## [BRIEF]
An exact reproduction of all the entries is the expected answer.

Stored data entries
= Beginning of Section =

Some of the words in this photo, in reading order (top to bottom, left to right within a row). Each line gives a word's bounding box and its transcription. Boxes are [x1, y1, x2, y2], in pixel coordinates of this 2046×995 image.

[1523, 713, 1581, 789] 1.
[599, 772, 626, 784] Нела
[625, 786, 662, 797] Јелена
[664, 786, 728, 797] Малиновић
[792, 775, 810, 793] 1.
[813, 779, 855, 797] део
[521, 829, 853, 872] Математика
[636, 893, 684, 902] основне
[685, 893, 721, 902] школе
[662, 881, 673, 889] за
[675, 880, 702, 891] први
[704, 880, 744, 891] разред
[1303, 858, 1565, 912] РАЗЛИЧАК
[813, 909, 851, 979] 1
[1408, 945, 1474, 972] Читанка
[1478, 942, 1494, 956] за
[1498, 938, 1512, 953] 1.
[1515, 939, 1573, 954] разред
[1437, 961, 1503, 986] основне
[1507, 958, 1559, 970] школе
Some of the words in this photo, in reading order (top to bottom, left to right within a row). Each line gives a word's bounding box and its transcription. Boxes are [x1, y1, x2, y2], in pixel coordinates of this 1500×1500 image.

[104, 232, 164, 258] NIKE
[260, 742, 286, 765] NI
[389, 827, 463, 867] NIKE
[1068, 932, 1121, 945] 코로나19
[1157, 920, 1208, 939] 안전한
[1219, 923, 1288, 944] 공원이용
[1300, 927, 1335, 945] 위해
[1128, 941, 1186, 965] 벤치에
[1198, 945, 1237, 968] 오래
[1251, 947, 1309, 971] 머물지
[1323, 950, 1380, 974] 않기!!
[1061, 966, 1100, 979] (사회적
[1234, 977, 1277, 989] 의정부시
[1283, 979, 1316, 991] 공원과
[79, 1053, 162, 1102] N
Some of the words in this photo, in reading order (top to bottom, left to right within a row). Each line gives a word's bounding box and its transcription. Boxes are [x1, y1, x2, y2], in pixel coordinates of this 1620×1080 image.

= End of Section =

## [ANSWER SECTION]
Some of the words in this photo, in reading order (top to bottom, left to right within a row). Each line gives a word's bounding box and its transcription. Boxes are [x1, y1, x2, y2], in pixel coordinates of this 2046×995 image.

[1523, 713, 1581, 789] 1.
[599, 772, 626, 784] Нела
[625, 786, 662, 797] Јелена
[664, 786, 728, 797] Малиновић
[792, 775, 810, 793] 1.
[813, 779, 855, 797] део
[521, 829, 853, 872] Математика
[636, 893, 684, 902] основне
[685, 893, 721, 902] школе
[662, 881, 673, 889] за
[675, 880, 702, 891] први
[704, 880, 744, 891] разред
[1303, 858, 1565, 912] РАЗЛИЧАК
[813, 909, 851, 979] 1
[1408, 945, 1474, 972] Читанка
[1478, 942, 1494, 956] за
[1498, 938, 1512, 953] 1.
[1515, 939, 1573, 954] разред
[1437, 961, 1503, 986] основне
[1507, 958, 1559, 970] школе
Some of the words in this photo, in reading order (top to bottom, left to right within a row). Each line gives a word's bounding box and its transcription. Boxes are [x1, y1, x2, y2], in pixel coordinates of this 1500×1500 image.

[104, 232, 164, 258] NIKE
[260, 742, 286, 765] NI
[389, 827, 463, 867] NIKE
[1068, 932, 1121, 945] 코로나19
[1157, 920, 1208, 939] 안전한
[1219, 923, 1288, 944] 공원이용
[1300, 927, 1335, 945] 위해
[1128, 941, 1186, 965] 벤치에
[1198, 945, 1237, 968] 오래
[1251, 947, 1309, 971] 머물지
[1323, 950, 1380, 974] 않기!!
[1061, 966, 1100, 979] (사회적
[1234, 977, 1277, 989] 의정부시
[1283, 979, 1316, 991] 공원과
[79, 1053, 162, 1102] N
Some of the words in this photo, in reading order (top to bottom, left to right within a row). Each line gives a word's bounding box and its transcription. Boxes are [x1, y1, x2, y2], in pixel coordinates of this 1620×1080 image.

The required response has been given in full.